DFT study of optoelectronic and magnetic properties of iron-containing diamond-like materials Ag2FeSiS4, Li2FeSnS4, and Li2FeGeS4

Abstract

Ag2FeSiS4, Li2FeSnS4, and Li2FeGeS4 have been studied by first-principles calculations within density functional theory (DFT) added to the Coulomb energy (U Hubbard term) to treat the strong correlation of Fe 3d electrons. All three materials have shown that their conduction band minimum (CBM) and valence band maximum (VBM) were situated at Γ point, indicating a direct band gap of 1.99 and 2.26 eV, 2.24 eV for Ag2FeSiS4, Li2FeSnS4, and Li2FeGeS4 respectively. The lower part of the valence band was dominated by S-s orbitals while the mid part were contributed mostly by Sn/Ge-s and Ag-d states. Hence, the VBM and CBM were mainly due to Fe-d states. The bonding characterization have shown a strong covalent bonding between the Fe-S, Ge-S, Sn-S, Ag-S and Si-S atoms.

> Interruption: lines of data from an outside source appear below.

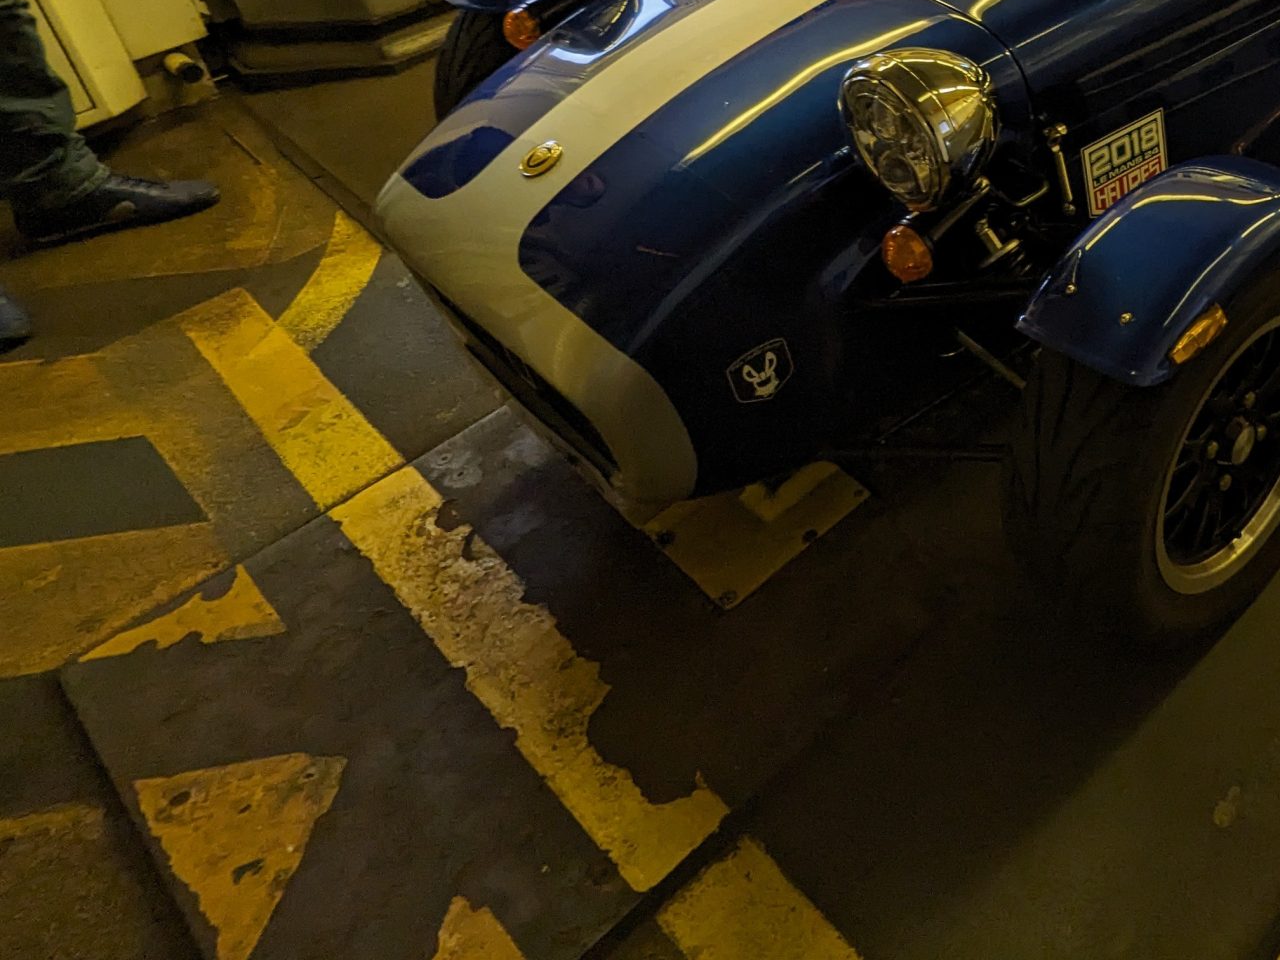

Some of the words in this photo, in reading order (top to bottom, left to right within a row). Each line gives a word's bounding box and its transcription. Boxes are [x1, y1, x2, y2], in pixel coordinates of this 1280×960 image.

[1090, 120, 1160, 178] 2018
[1094, 174, 1108, 188] LE
[1109, 155, 1143, 179] MANS
[1143, 146, 1159, 160] 24
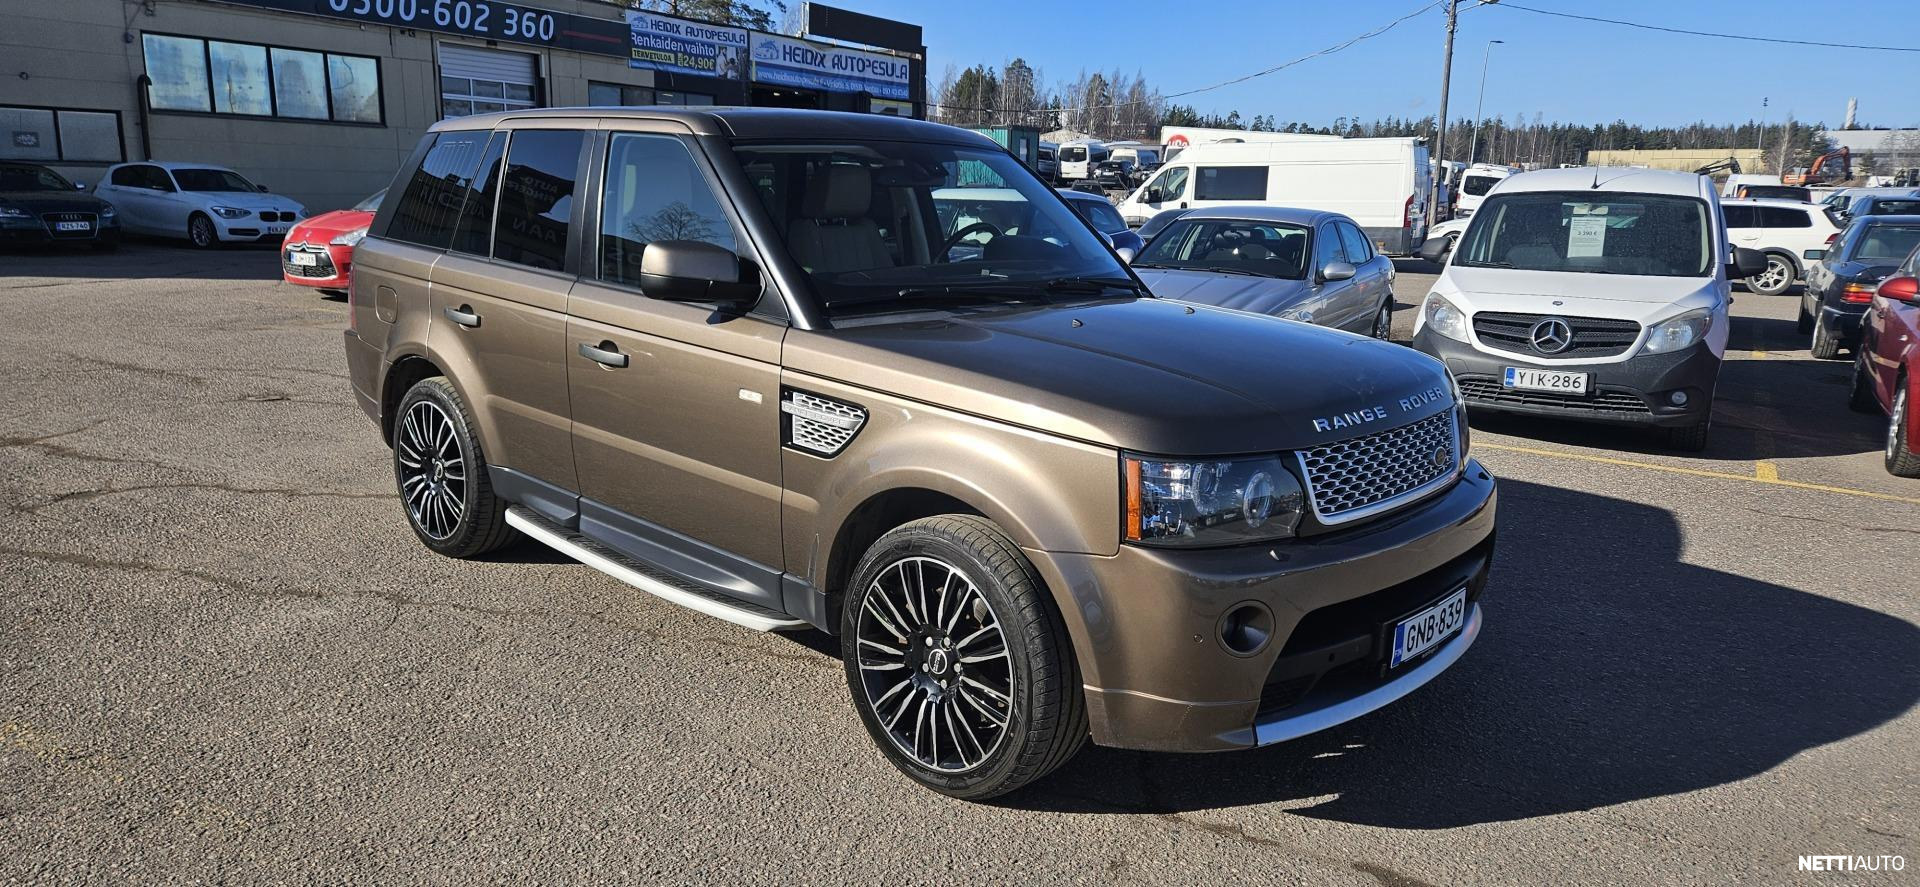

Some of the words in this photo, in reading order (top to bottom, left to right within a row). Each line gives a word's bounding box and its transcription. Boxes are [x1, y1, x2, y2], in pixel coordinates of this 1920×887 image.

[504, 8, 555, 41] 360
[650, 19, 682, 36] HEIDIX
[685, 26, 746, 45] AUTOPESULA
[631, 32, 684, 53] Renkaiden
[685, 42, 715, 57] vaihto
[782, 44, 827, 69] HEIDIX
[1518, 371, 1582, 389] YIK-286
[1312, 405, 1388, 433] RANGE
[1399, 386, 1445, 412] ROVER
[1406, 597, 1464, 653] GNB-839

The imaginary part of the dielectric constant have revealed that the first optical critical point energy occurred at 1.2 eV for Ag2FeSiS4, and at 2.0 eV for Li2FeSnS4, and Li2FeGeS4 compounds leading them to absorb less of visible spectrum. The existence of iron in the composition of these compounds have induced magnetic properties that we explored by the calculation of the magnetic moment and spin-densities maps.